Zero Trust (ZT) continues to make waves, as US federal agencies are now publishing guidance, such as the OMB’s M-22-09 or DoD’s ZT strategy for effective implementations. While still jammed in myths, which could only be sorted out with some effort, it enables the goverment to be considered a source of trust in cybersecurity.
At this point, I would like to address a confusion, which is whether ZT has replaced Defense in Depth (DiD) and other acknowledged cybersecurity principles or not. If ZT has not replaced these principles, how do they relate to ZT? What about the others, such as the principle of least privilege or segregation of duties? Well, ZT has not replaced these principles at all. Now let's try to understand how they continue their relation with ZT as security specialists ensure their reliability while using these principles in an effective and efficient manner.
Zero Trust is Based on Settled Security Principles...
Like in any house construction, everything starts with a safe and sound foundation to prevent certain things to collapse or fall on your neighbor's property. This foundation involves common industry practices for ZT. We can highlight three basic principles that are ranked high important for ZT, yet are mostly misaligned.
Segregation of Duties
Defense in Depth – DiD
As you apply these principles, you will see that you and your organization are on the right path when it is time to assess your ZT maturity.
... Yet, You Should Use These Accurately in Order to Successfully Implement Zero Trust.
Do you realize how convenient life has become? We have manuals and guides for almost anything to show us how to do things. These will guide you in understanding how to do something accurately. Unfortunately, you tend to skip the guide and just proceed to assemble the bike for your vacation or use the wrong tool to tighten a screw. It may not be a big issue to assemble the bike incorrectly, yet faults in cybersecurity may cause highlyh costly and largeg-scaled issues when it comes to the implementation of security principles. Focusing on these three highlights will help you to comprehend the following:
The principle of least privilege may be rather impractical when used alone.
We all know that agencies intend to improve their security position by using this principle and ensure that work force has the kind of access that will be just enough to perform their duties. While these may all be great, it may be troublesome if the task is too big. When someone's role covers too many things, your security team will need to extra time to create a large number of permissions for a single role. With so many duties, it is highly probable that the relevant person might make an inadeguate decision that will have an adverse effect on the security of your enterprise.
Segregation of duties helps implement the principle of least privilege, yet it does not consider prevention of access.
Fortunately, segregation of duties supports the implementation of the principle of least privilege.

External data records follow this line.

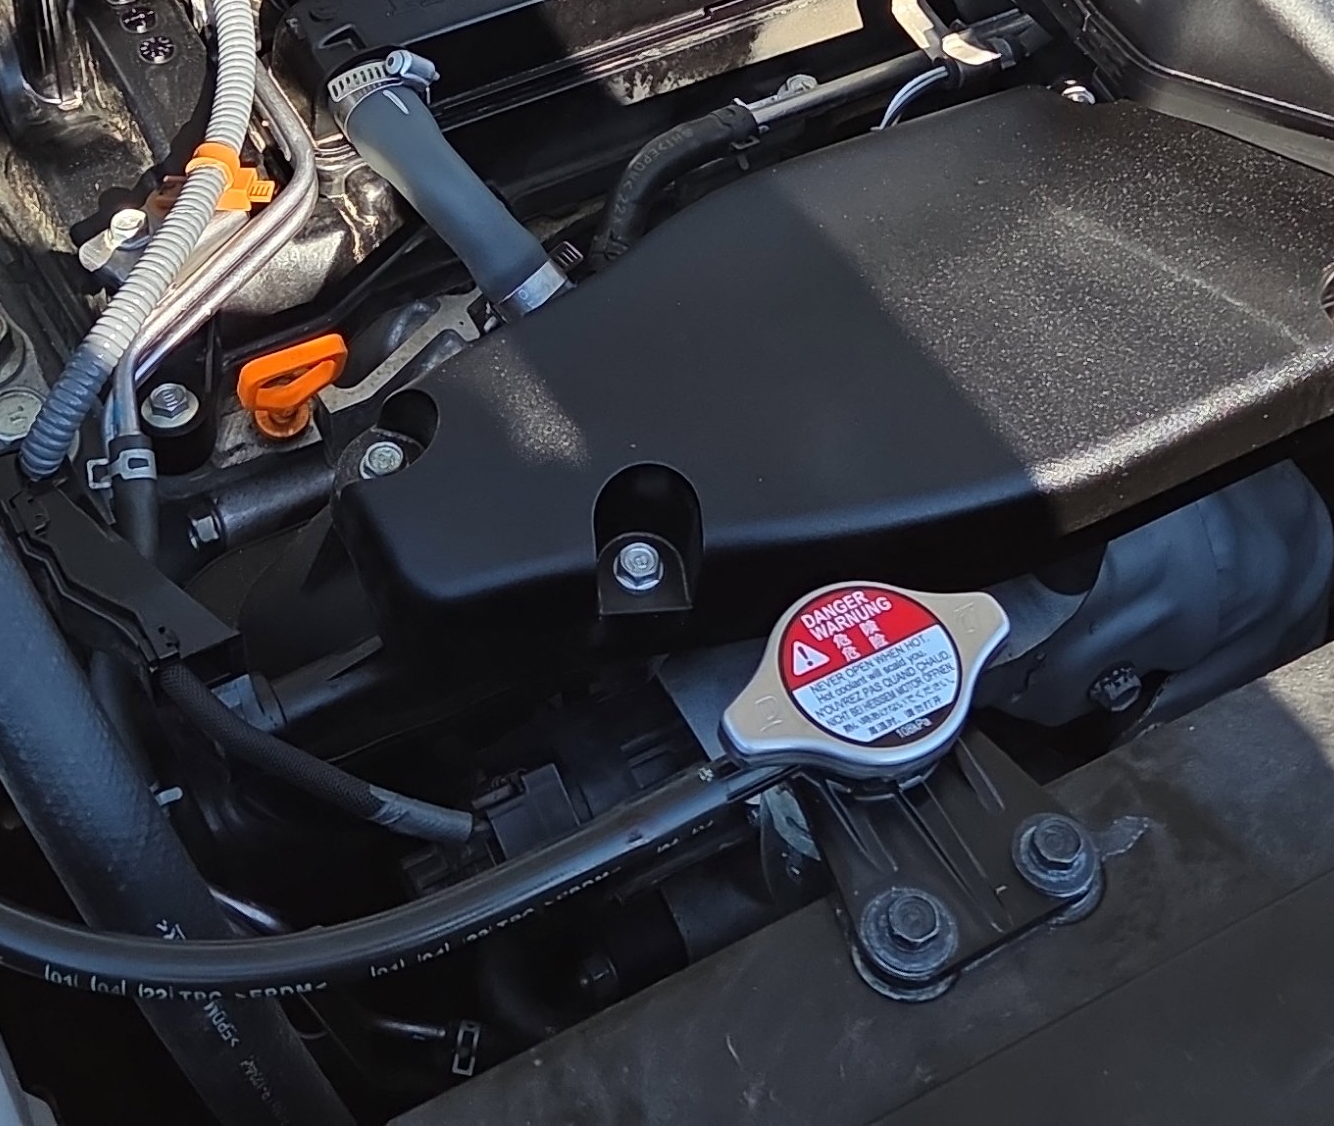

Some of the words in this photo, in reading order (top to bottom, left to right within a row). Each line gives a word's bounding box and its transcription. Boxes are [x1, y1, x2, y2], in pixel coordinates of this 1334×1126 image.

[801, 590, 869, 630] DANGER
[810, 596, 893, 642] WARNUNG
[809, 672, 846, 695] NEVER
[844, 658, 874, 678] OPEN
[873, 644, 905, 665] WHEN
[903, 632, 930, 651] HOT.
[816, 688, 835, 704] Hot
[833, 674, 867, 696] coolant
[866, 667, 882, 681] will
[881, 656, 906, 674] scald
[906, 648, 928, 665] you.
[862, 681, 883, 698] PAS
[881, 666, 917, 689] QUAND
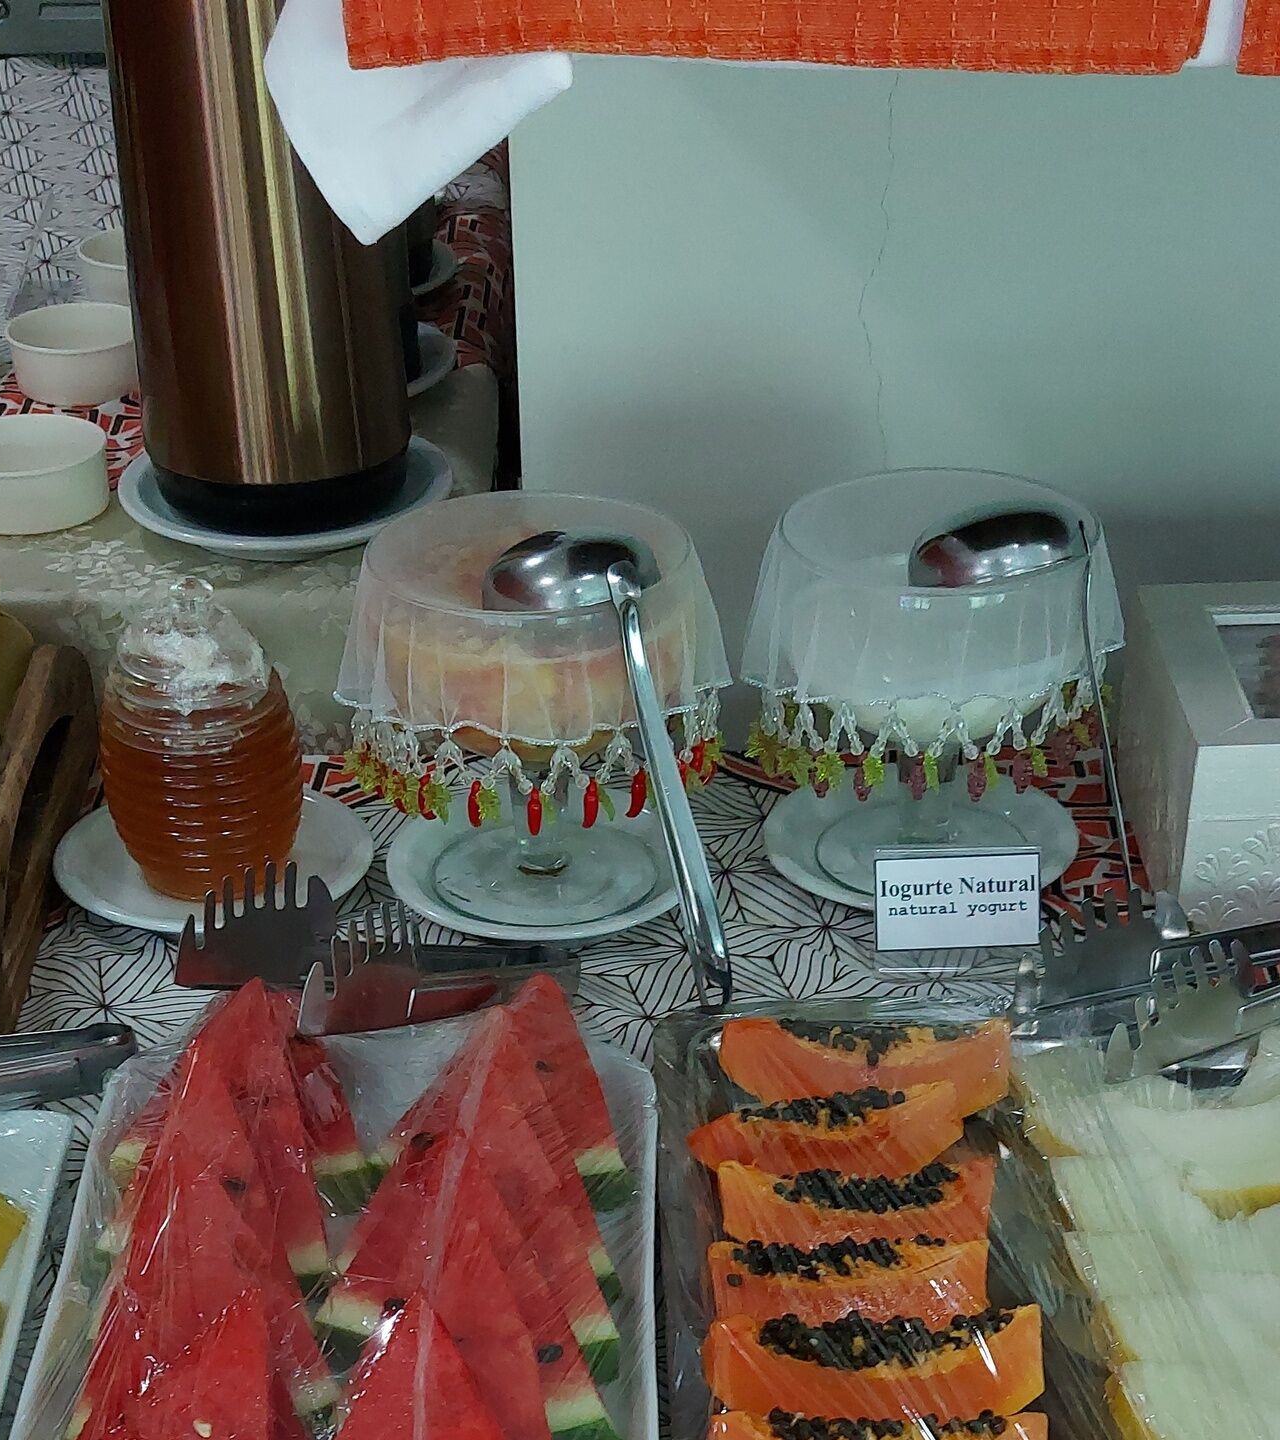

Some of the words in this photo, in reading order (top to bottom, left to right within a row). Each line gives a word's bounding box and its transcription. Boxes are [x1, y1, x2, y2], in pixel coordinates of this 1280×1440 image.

[880, 880, 953, 901] Iogurte
[959, 875, 1035, 894] Natural
[888, 902, 958, 916] natural
[966, 900, 1028, 917] yogurt

According to this principle, an individual should not have broad access. For instance, this means that the sales representative of an agency cannot change the price of a product or a solution; instead, the price change is done by an approving authority such as the director. While these two primarily focus on permissions, they do not handle prevention of access. This is where Defense in Depth plays an importnat part.
Defense in Depth (DiD) settles the issue.

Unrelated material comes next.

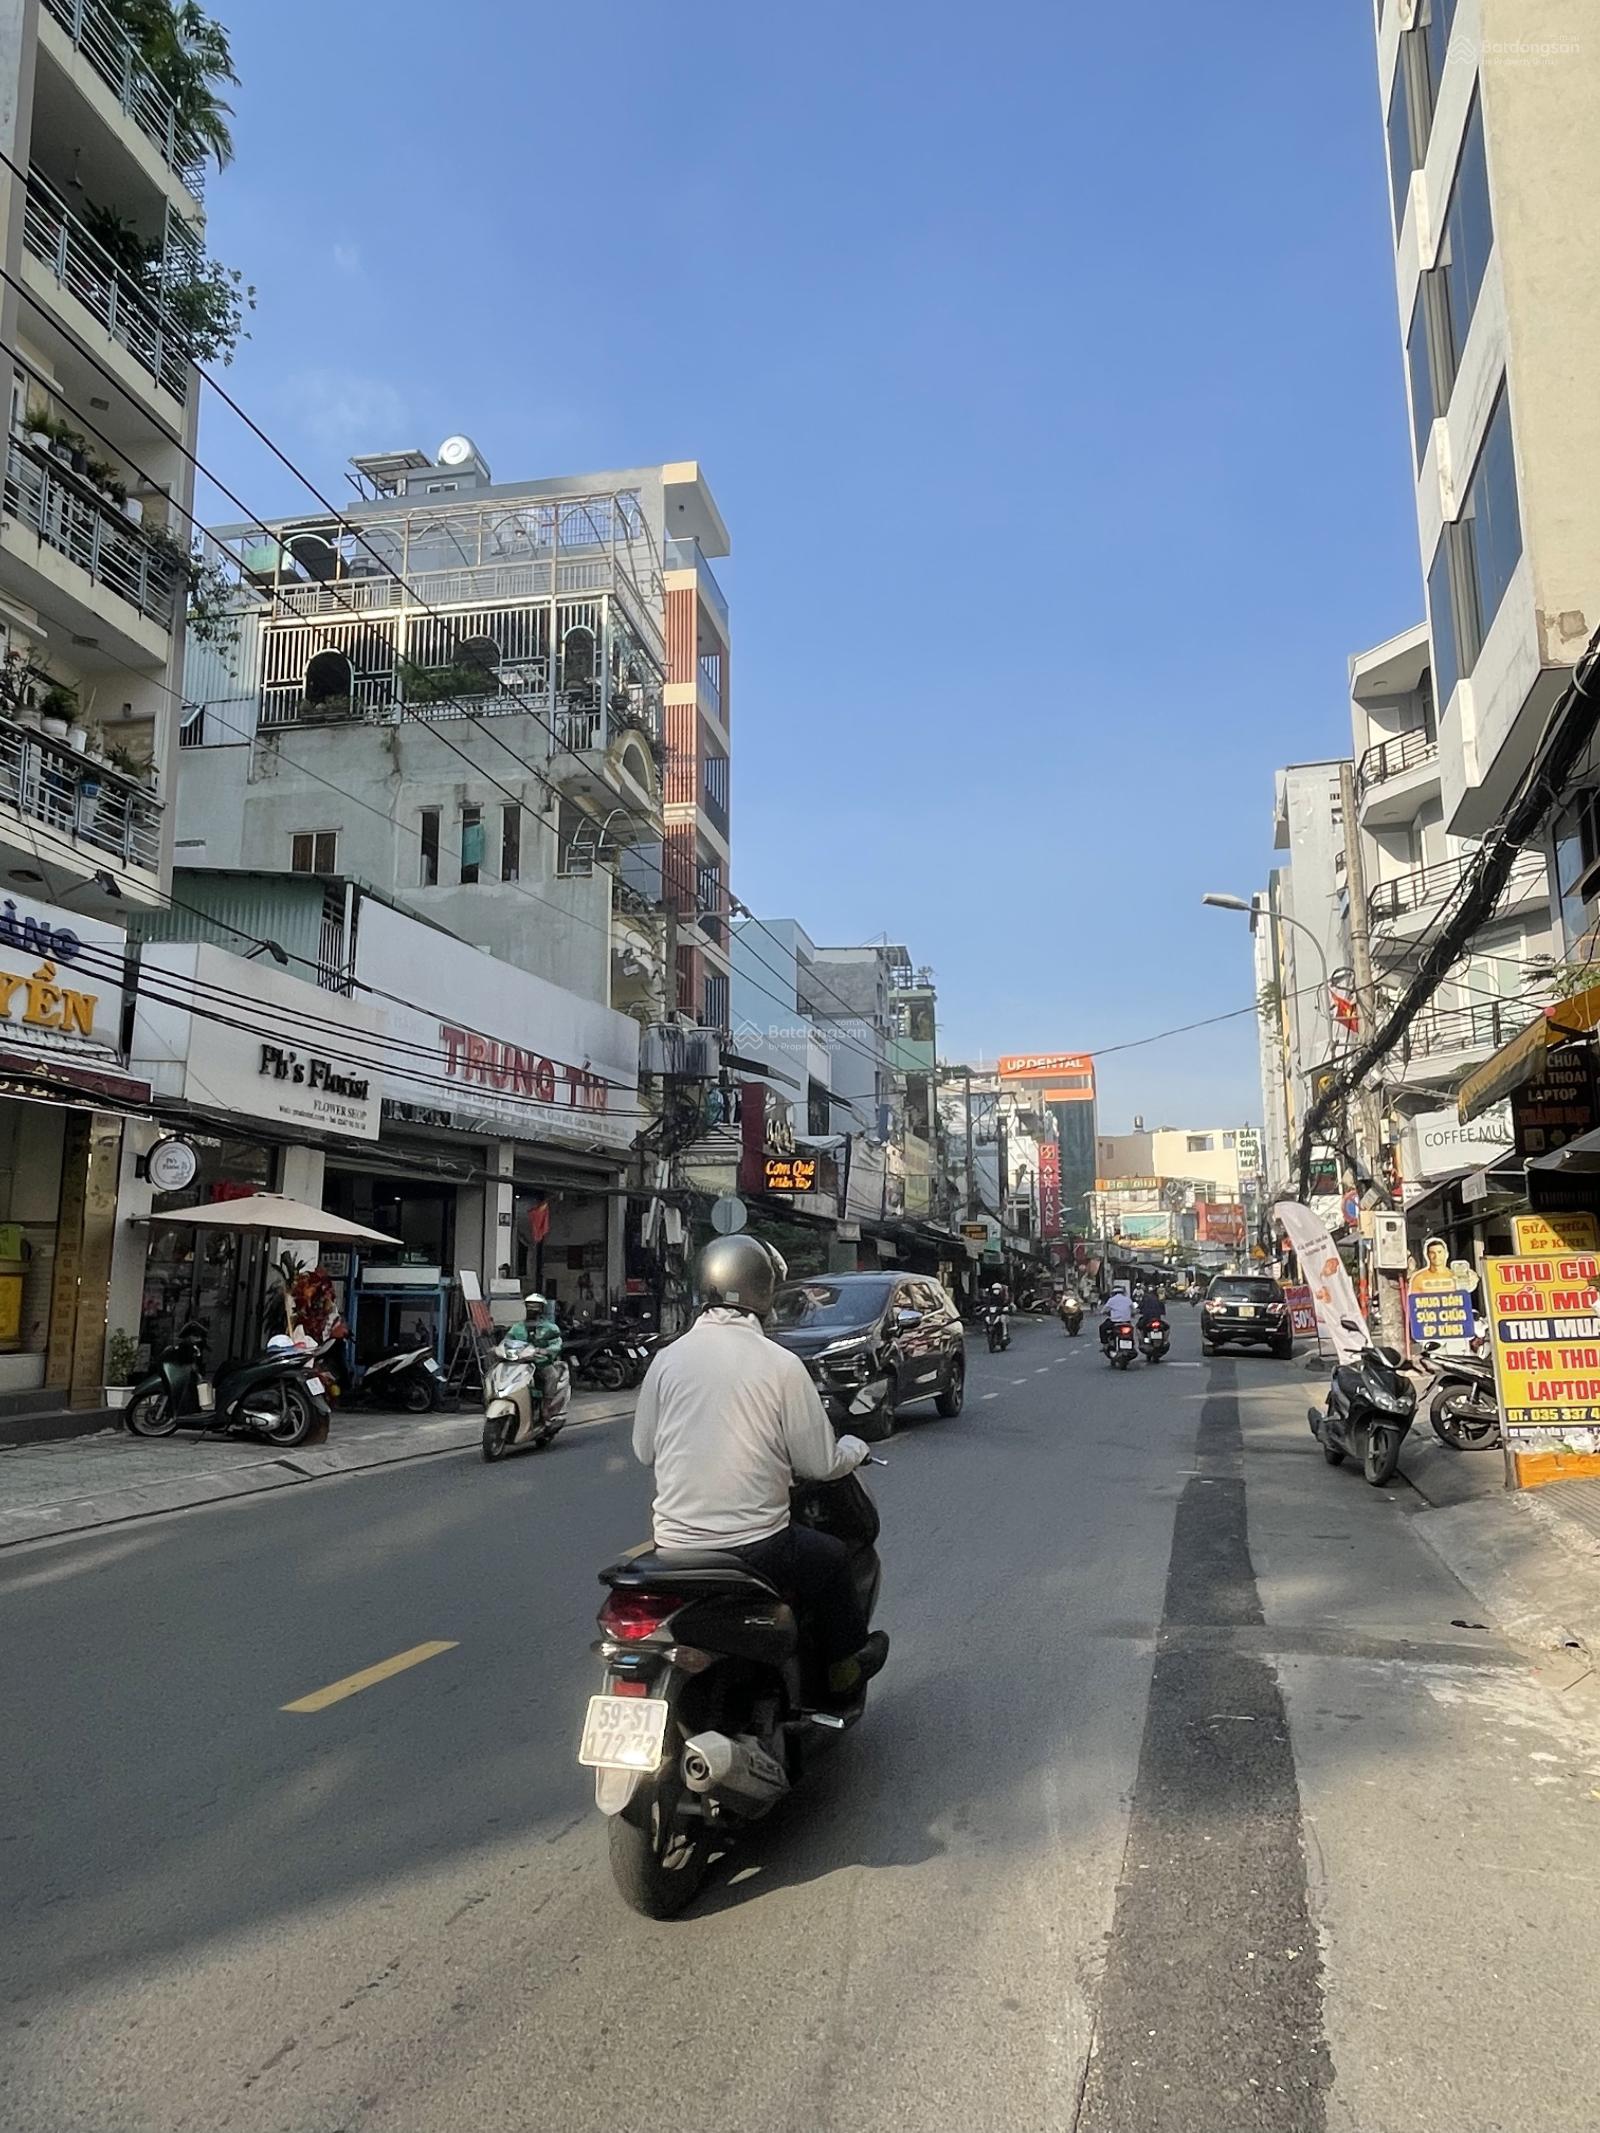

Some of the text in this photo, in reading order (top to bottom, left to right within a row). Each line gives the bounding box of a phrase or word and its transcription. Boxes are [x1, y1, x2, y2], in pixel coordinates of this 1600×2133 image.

With DiD, organizations focus on controls preventing unauthorized access to systems. These are administrative, technical and physical controls. It's unfortunate that DiD has fallen victim to misuse, leading to "expense in depth", causing issues to be resolved by spending more on technologies and security control hoping prevent security threats in their aftermath without trying to prevent them. Zero trust has brought DiD concepts back on the agenda, this time with a strategic focus to help security specialists to better perform in the following areas:
Blending different audits by making use of the technological advancements that unite individual security functions on a single platform to reduce complexity of distribution.
Reducing cost of management by centralizing security tool management through reduction of the number and types of audits with overlapping abilities.
Preventing unauthorized access by taking advantage of strategic access control that could logically and physically be applied closest to high value assets, reducing potential internal threats while discouraging the potential threateners' intention for unauthorized access.
Time to Think in Depth
Zero Trust has come a long way as an information security model. While often becoming a matter of debate and doubt. But there is one thing that is certain: If we focus on what ZT has been built on, we can see that it provides a common target for most (if not all) of these basic principles to be effective when implemented.